06
Ago

Australiani ed inglesi pazzi della ‘nduja

Melbourne è a tutti gli effetti la capitale gastronomica italiana. Qui, come in molti paesi americani, la cucina è influenzata dalla cultura enogastronomica calabrese. Nel menù non mancano piatti tipici della tradizione, ma anche prodotti che fino a qualche anno gli australiani non conoscevano nemmeno, come la ‘nduja.

La rivista Gourmet Traveller, considerata nella terra dei Canguri, punto di riferimento in materia di cibo, vino e viaggi, dedica un interessante articolo alla ‘nduja: «Siamo ossessionati da questo salame calabrese». Morbido, piccante, spalmabile che – in Australia – viene consumato prevalentemente insieme ad una fetta di pane caldo con accanto dell’ottimo formaggio stagionato.
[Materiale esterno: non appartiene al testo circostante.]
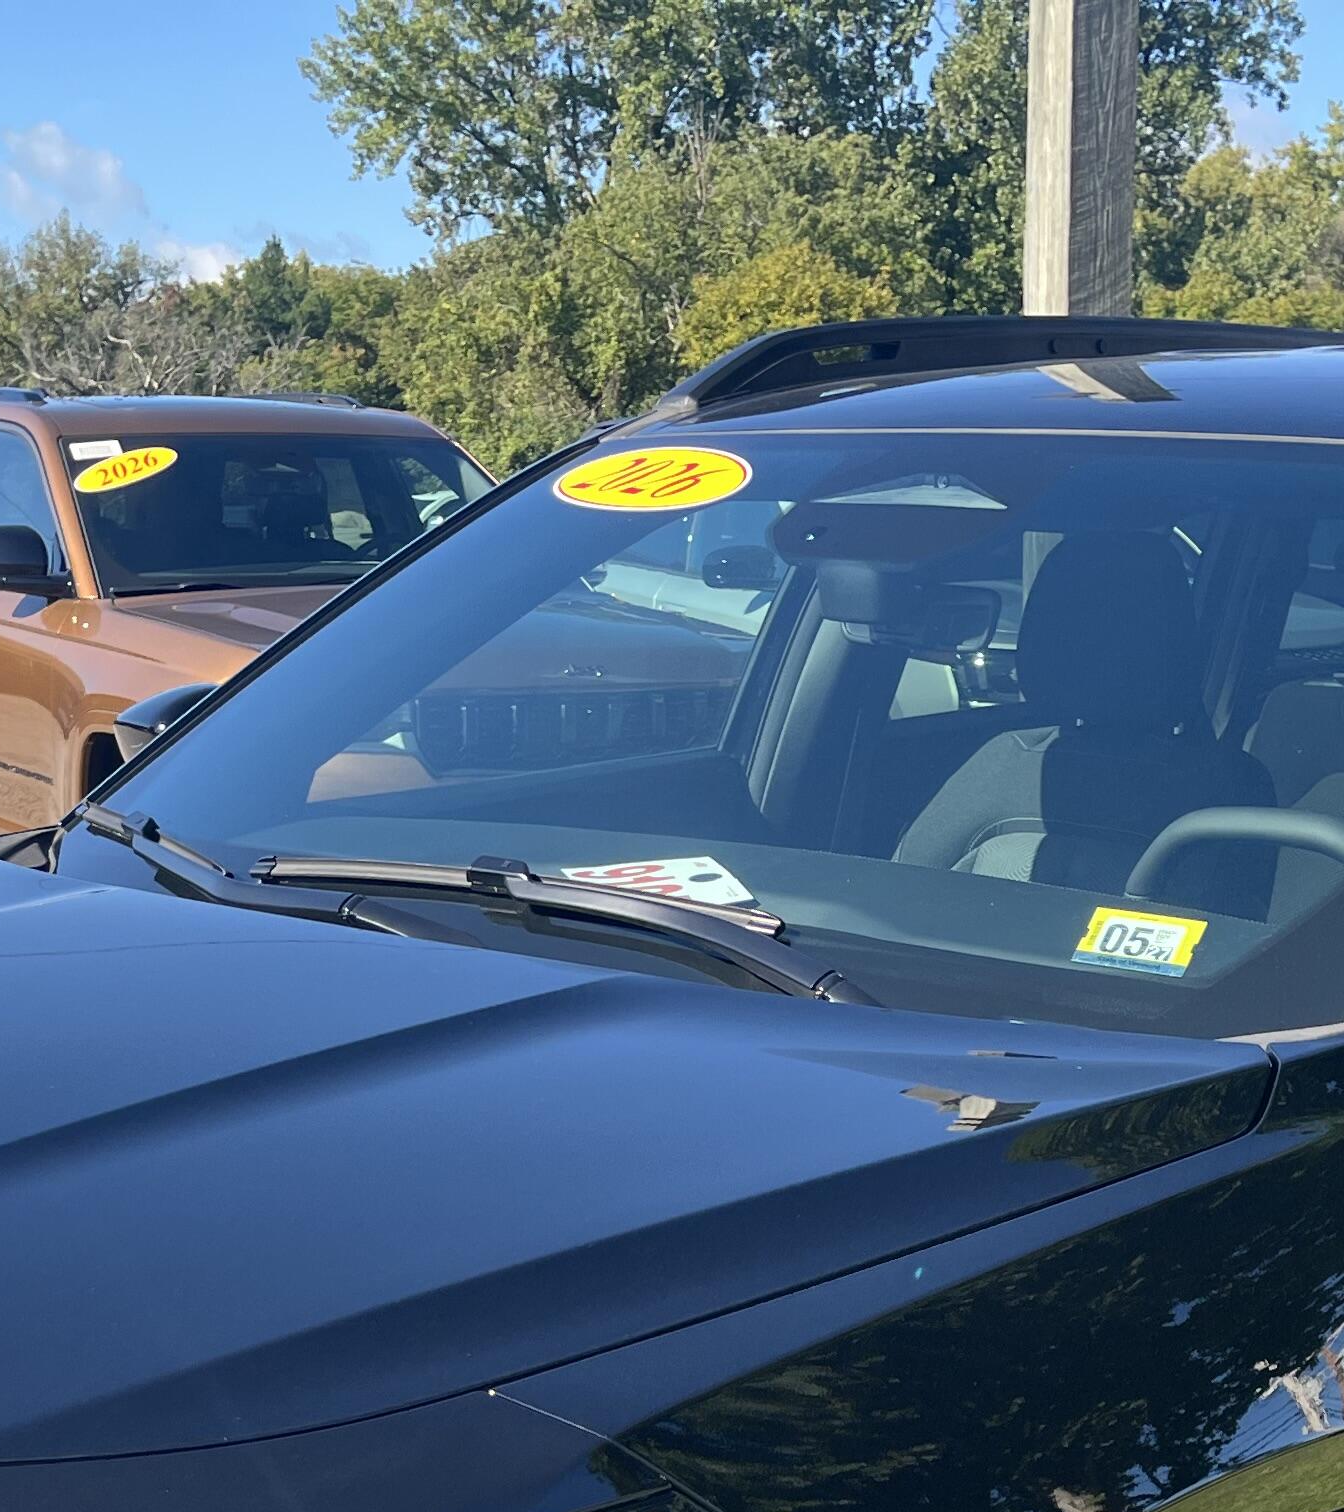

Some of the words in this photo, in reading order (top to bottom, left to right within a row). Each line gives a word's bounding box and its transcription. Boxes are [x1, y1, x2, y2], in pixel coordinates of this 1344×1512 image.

[96, 450, 158, 486] 2026
[570, 457, 732, 498] 2026
[1099, 923, 1155, 957] 05
Ma gli chef, utilizzano l’eccellenza di Spilinga anche per condire il sugo.

«Ha la forma di un pallone da calcio e avvolta in una rete, oppure in barattoli o pacchetti richiudibili».
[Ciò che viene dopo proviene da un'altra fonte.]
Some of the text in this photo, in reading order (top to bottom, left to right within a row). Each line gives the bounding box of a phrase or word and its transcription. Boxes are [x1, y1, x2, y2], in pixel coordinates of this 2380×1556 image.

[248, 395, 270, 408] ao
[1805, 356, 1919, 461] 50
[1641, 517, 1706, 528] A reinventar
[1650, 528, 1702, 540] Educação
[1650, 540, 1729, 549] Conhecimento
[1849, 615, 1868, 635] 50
La ‘nduja è senza confini ed anche Bloomberg si è chiesto perché sia improvvisamente apparsa in ogni menù dei più importanti ristoranti del mondo. «Perché è buona con tutto e sta bene con ogni piatto – racconta Jacob Kenedy del ristorante ‘Bocca di Lupo’ nei pressi di Piccadilly Circus, a Londra – assieme alla burrata, con i molluschi o sulla pizza». Nella capitale britannica, lavora da anni lo chef calabrese Francesco Mazzei. Nel suo ristorante, tra i quartieri di Carnaby e Mayfair, i piatti a base di ‘nduja sono inseriti nel menù dal 2006. «Il suo sapore è incredibile».